▸ INFORMATION
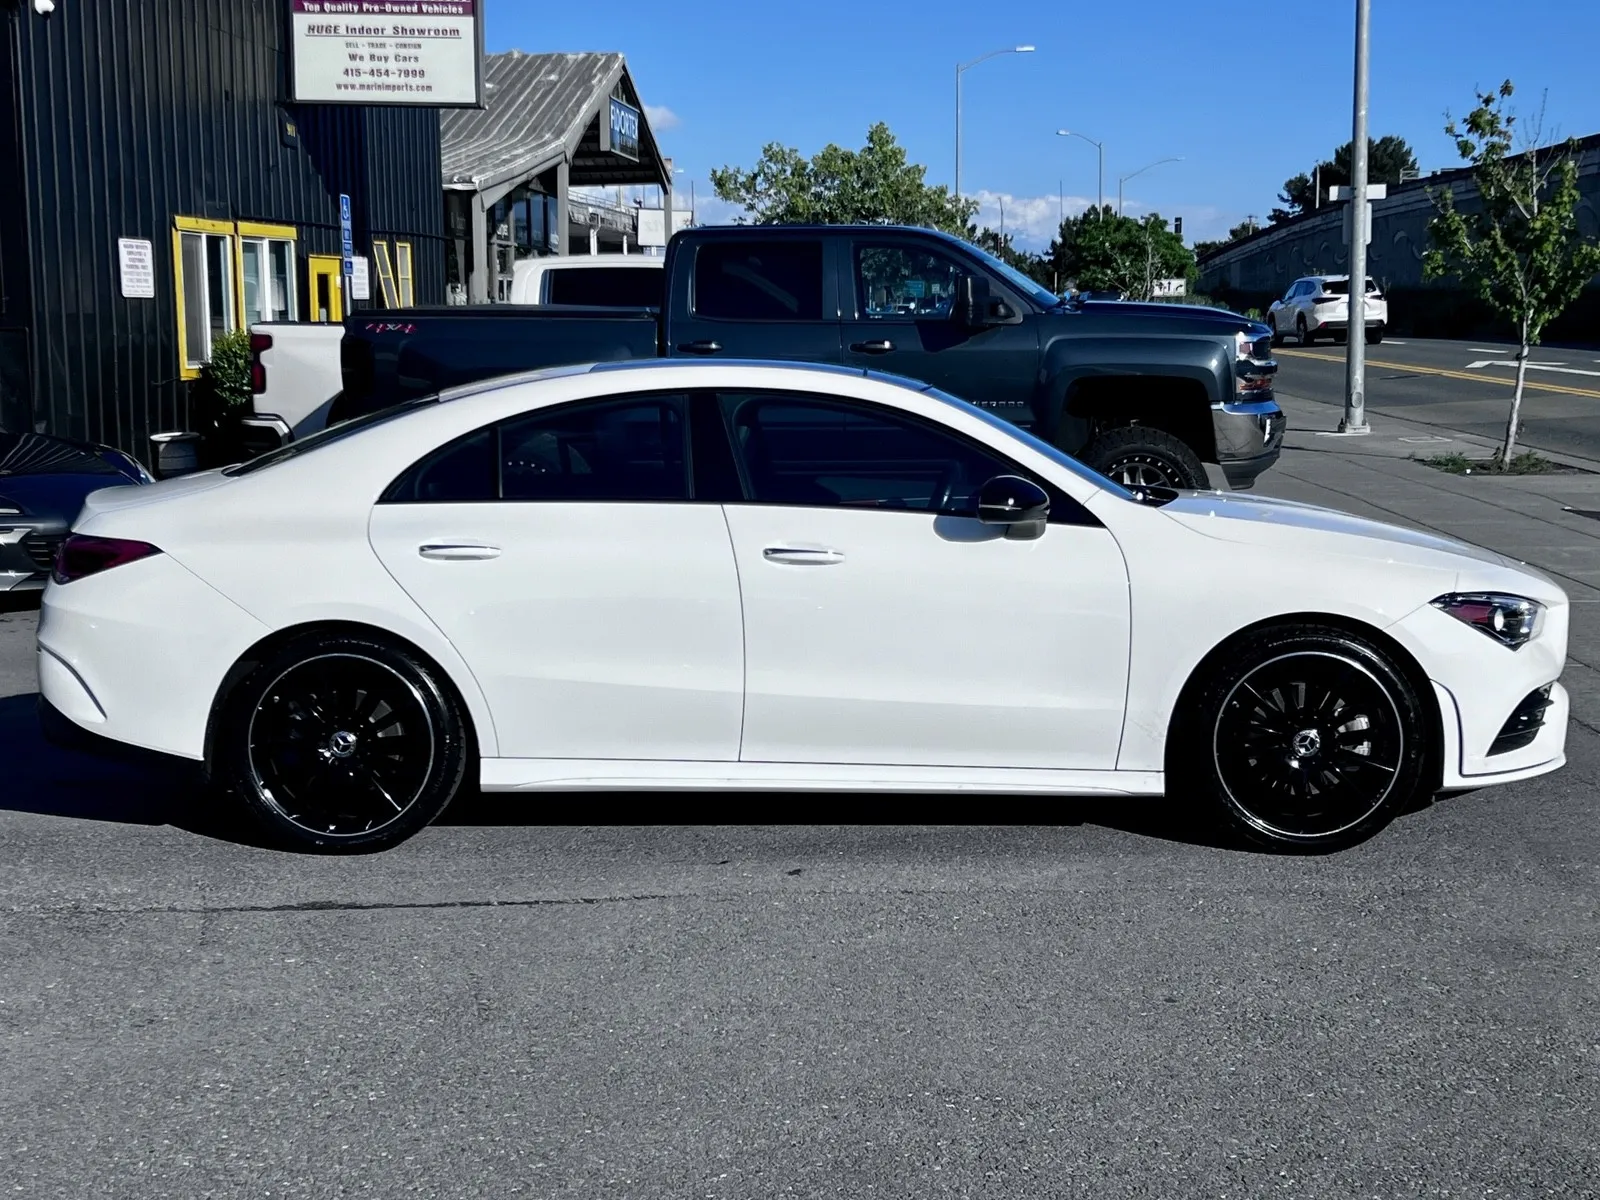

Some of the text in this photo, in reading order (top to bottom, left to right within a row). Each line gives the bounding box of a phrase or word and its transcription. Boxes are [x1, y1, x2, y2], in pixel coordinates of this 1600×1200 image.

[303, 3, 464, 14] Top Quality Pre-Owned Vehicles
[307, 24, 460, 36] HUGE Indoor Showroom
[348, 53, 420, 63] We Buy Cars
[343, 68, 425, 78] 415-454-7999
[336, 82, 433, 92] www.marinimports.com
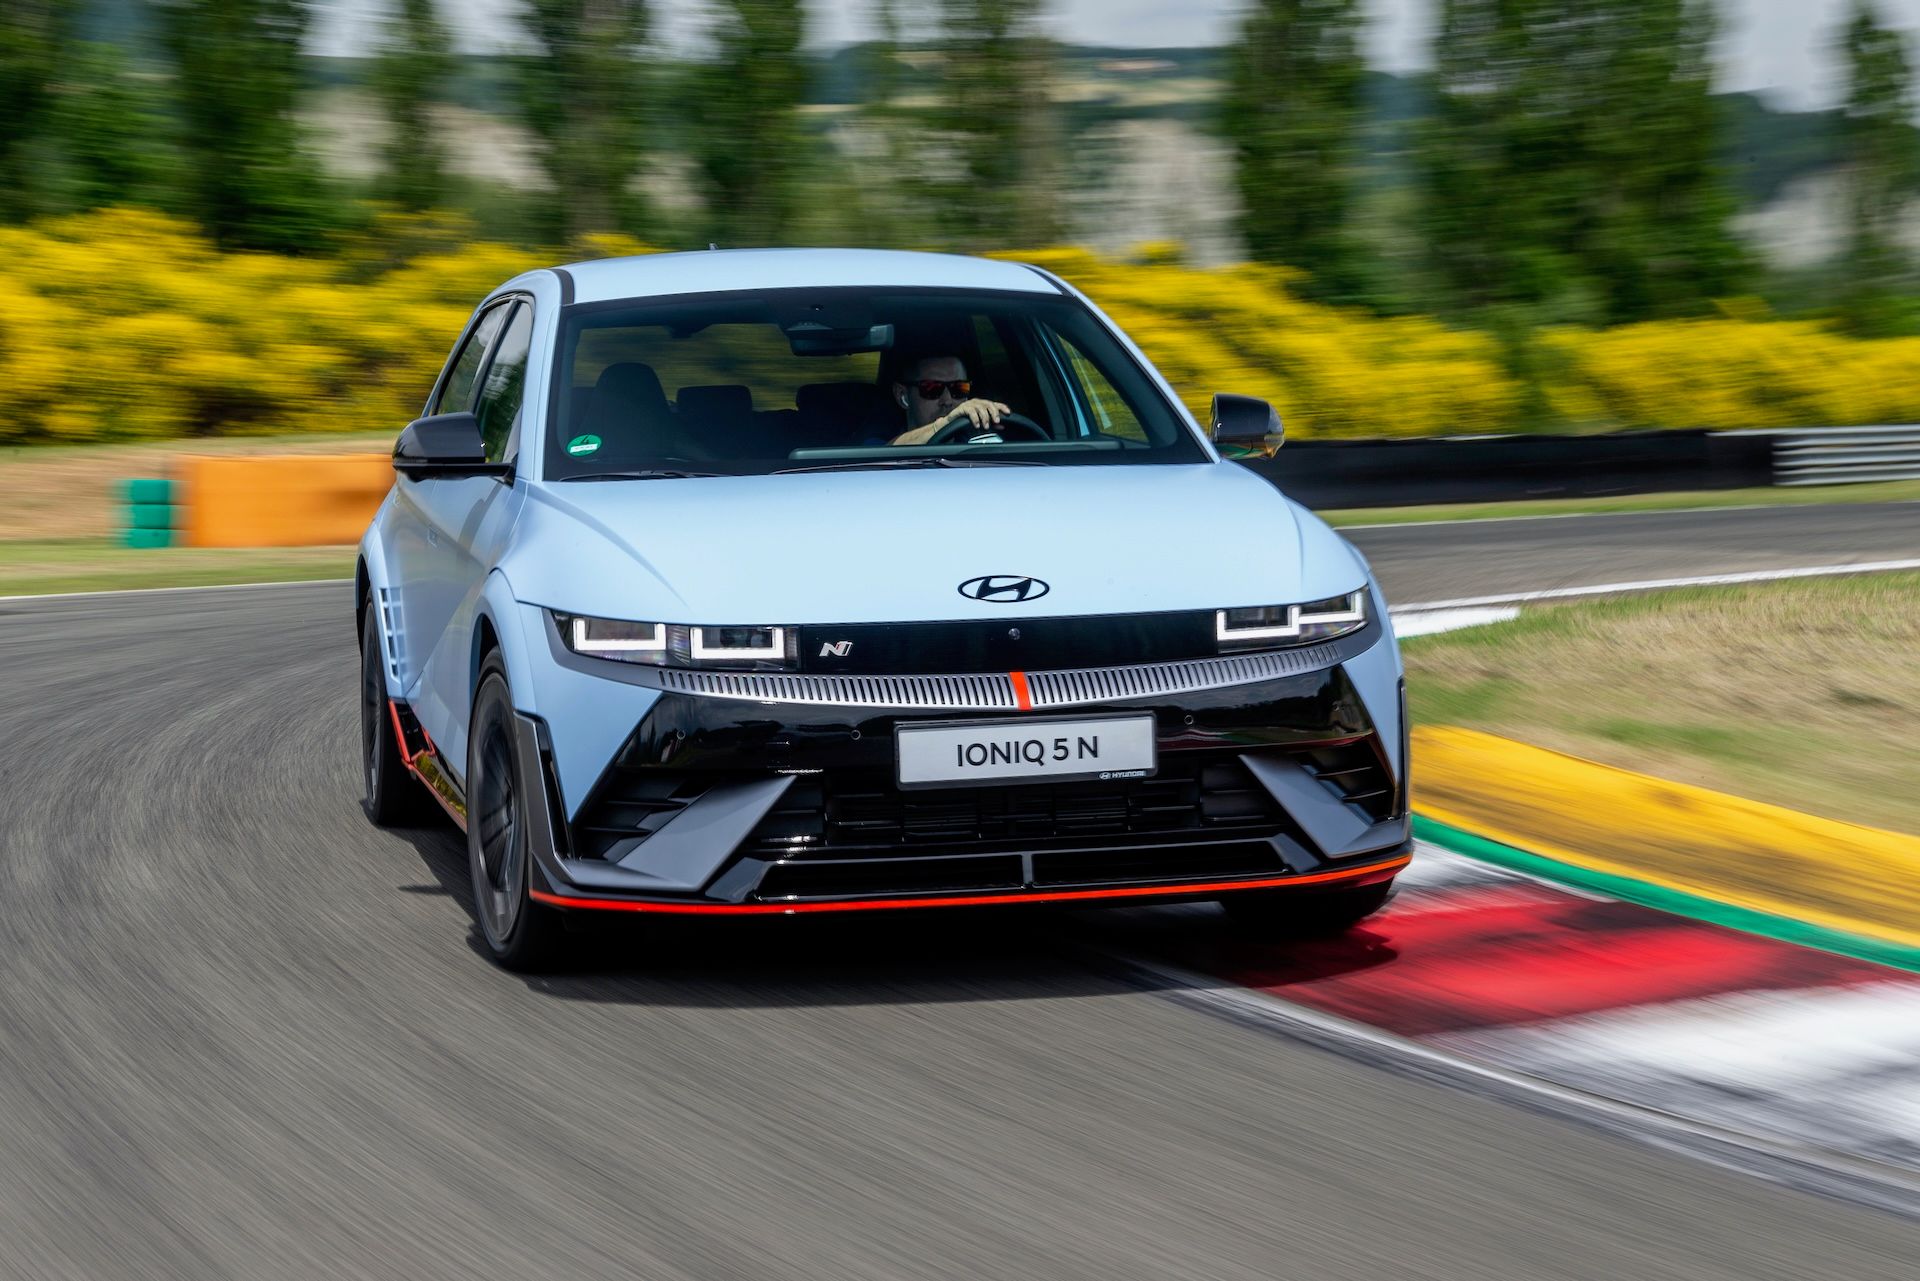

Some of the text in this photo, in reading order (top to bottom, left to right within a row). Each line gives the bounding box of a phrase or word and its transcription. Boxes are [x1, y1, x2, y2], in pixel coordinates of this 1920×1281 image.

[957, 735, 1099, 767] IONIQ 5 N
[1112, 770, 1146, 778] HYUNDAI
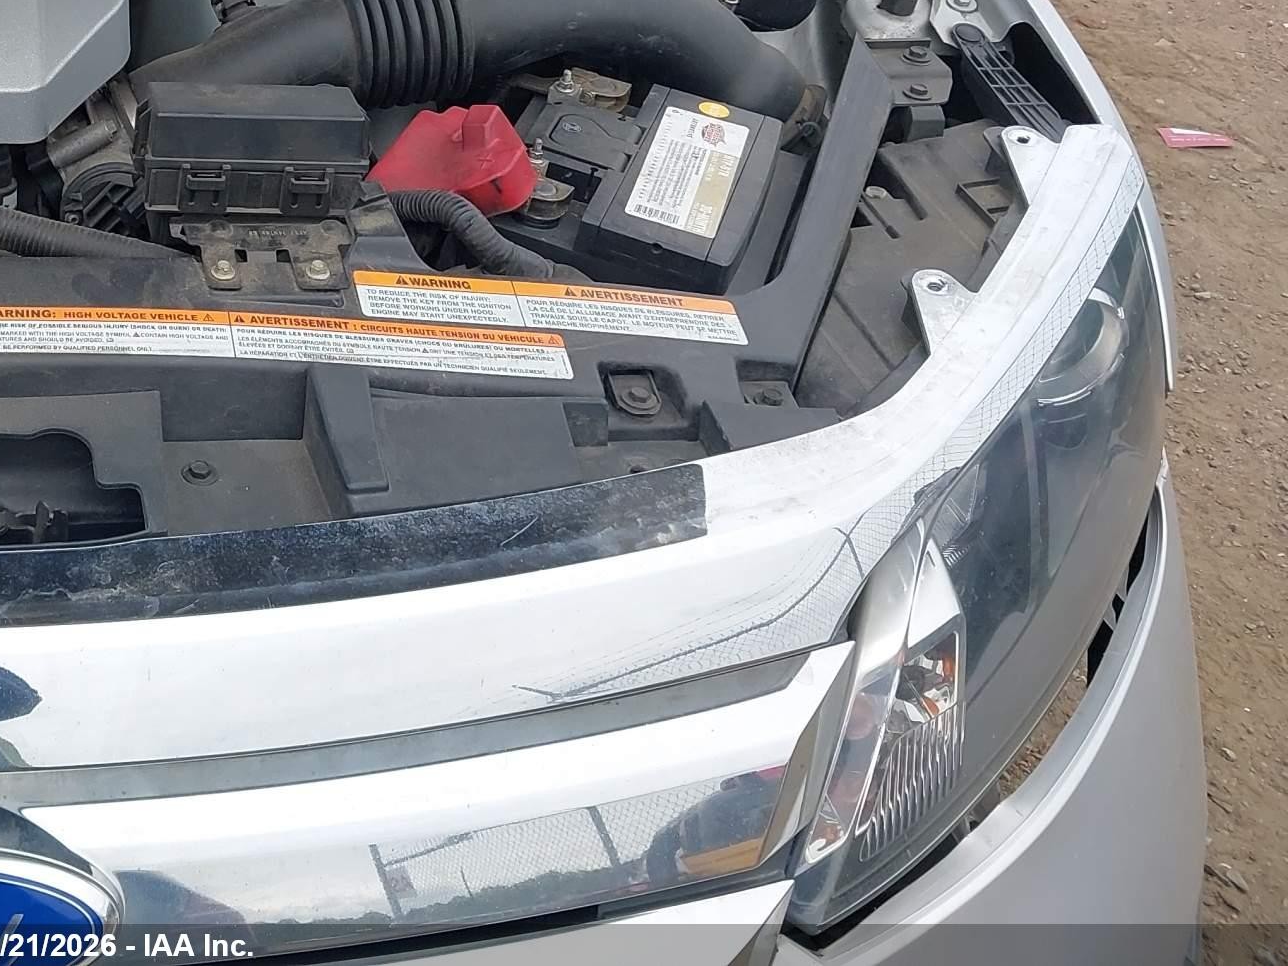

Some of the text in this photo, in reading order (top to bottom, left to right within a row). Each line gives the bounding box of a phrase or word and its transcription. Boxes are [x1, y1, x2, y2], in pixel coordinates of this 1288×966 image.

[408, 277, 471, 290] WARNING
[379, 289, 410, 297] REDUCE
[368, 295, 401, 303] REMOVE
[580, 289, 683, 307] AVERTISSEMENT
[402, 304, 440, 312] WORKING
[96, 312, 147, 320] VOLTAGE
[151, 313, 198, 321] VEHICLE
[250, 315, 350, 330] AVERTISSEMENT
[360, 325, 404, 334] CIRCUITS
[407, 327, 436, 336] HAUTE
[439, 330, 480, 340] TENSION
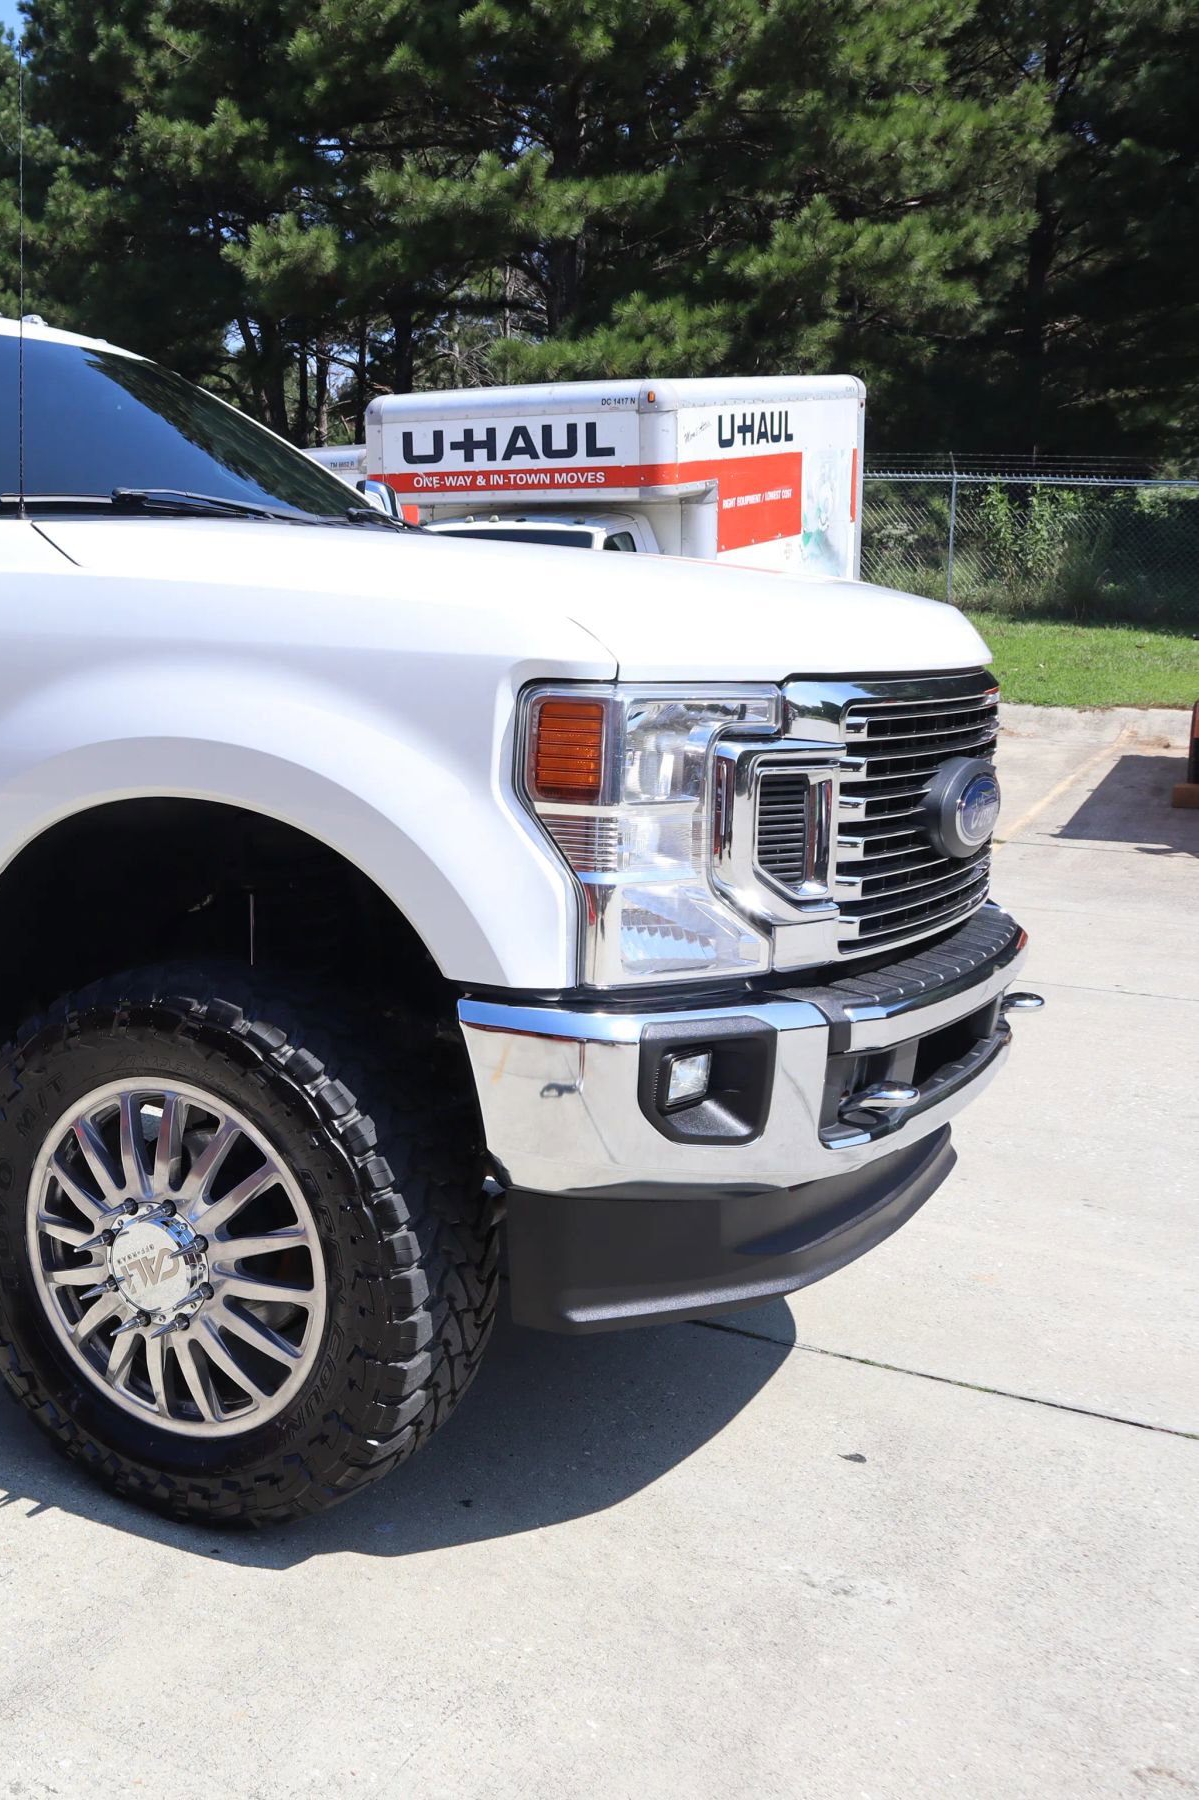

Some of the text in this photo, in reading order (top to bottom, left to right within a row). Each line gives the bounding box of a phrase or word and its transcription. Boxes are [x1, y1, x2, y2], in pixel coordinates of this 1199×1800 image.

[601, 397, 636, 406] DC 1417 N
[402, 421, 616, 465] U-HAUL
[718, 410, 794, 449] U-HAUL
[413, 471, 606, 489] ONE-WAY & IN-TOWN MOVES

▸ WHAT YOU NEED TO DO
Leaving the pictures aside, give back all the records exactly as they are.

▸ EXPECTED ANSWER
Some of the text in this photo, in reading order (top to bottom, left to right within a row). Each line gives the bounding box of a phrase or word and its transcription. Boxes are [x1, y1, x2, y2], in pixel coordinates of this 1600×1200 image.

[303, 3, 464, 14] Top Quality Pre-Owned Vehicles
[307, 24, 460, 36] HUGE Indoor Showroom
[348, 53, 420, 63] We Buy Cars
[343, 68, 425, 78] 415-454-7999
[336, 82, 433, 92] www.marinimports.com

Some of the text in this photo, in reading order (top to bottom, left to right within a row). Each line gives the bounding box of a phrase or word and its transcription. Boxes are [x1, y1, x2, y2], in pixel coordinates of this 1920×1281 image.

[957, 735, 1099, 767] IONIQ 5 N
[1112, 770, 1146, 778] HYUNDAI

Some of the text in this photo, in reading order (top to bottom, left to right within a row). Each line gives the bounding box of a phrase or word and its transcription. Boxes are [x1, y1, x2, y2], in pixel coordinates of this 1288×966 image.

[408, 277, 471, 290] WARNING
[379, 289, 410, 297] REDUCE
[368, 295, 401, 303] REMOVE
[580, 289, 683, 307] AVERTISSEMENT
[402, 304, 440, 312] WORKING
[96, 312, 147, 320] VOLTAGE
[151, 313, 198, 321] VEHICLE
[250, 315, 350, 330] AVERTISSEMENT
[360, 325, 404, 334] CIRCUITS
[407, 327, 436, 336] HAUTE
[439, 330, 480, 340] TENSION

Some of the text in this photo, in reading order (top to bottom, left to right within a row). Each line gives the bounding box of a phrase or word and its transcription. Boxes are [x1, y1, x2, y2], in pixel coordinates of this 1199×1800 image.

[601, 397, 636, 406] DC 1417 N
[402, 421, 616, 465] U-HAUL
[718, 410, 794, 449] U-HAUL
[413, 471, 606, 489] ONE-WAY & IN-TOWN MOVES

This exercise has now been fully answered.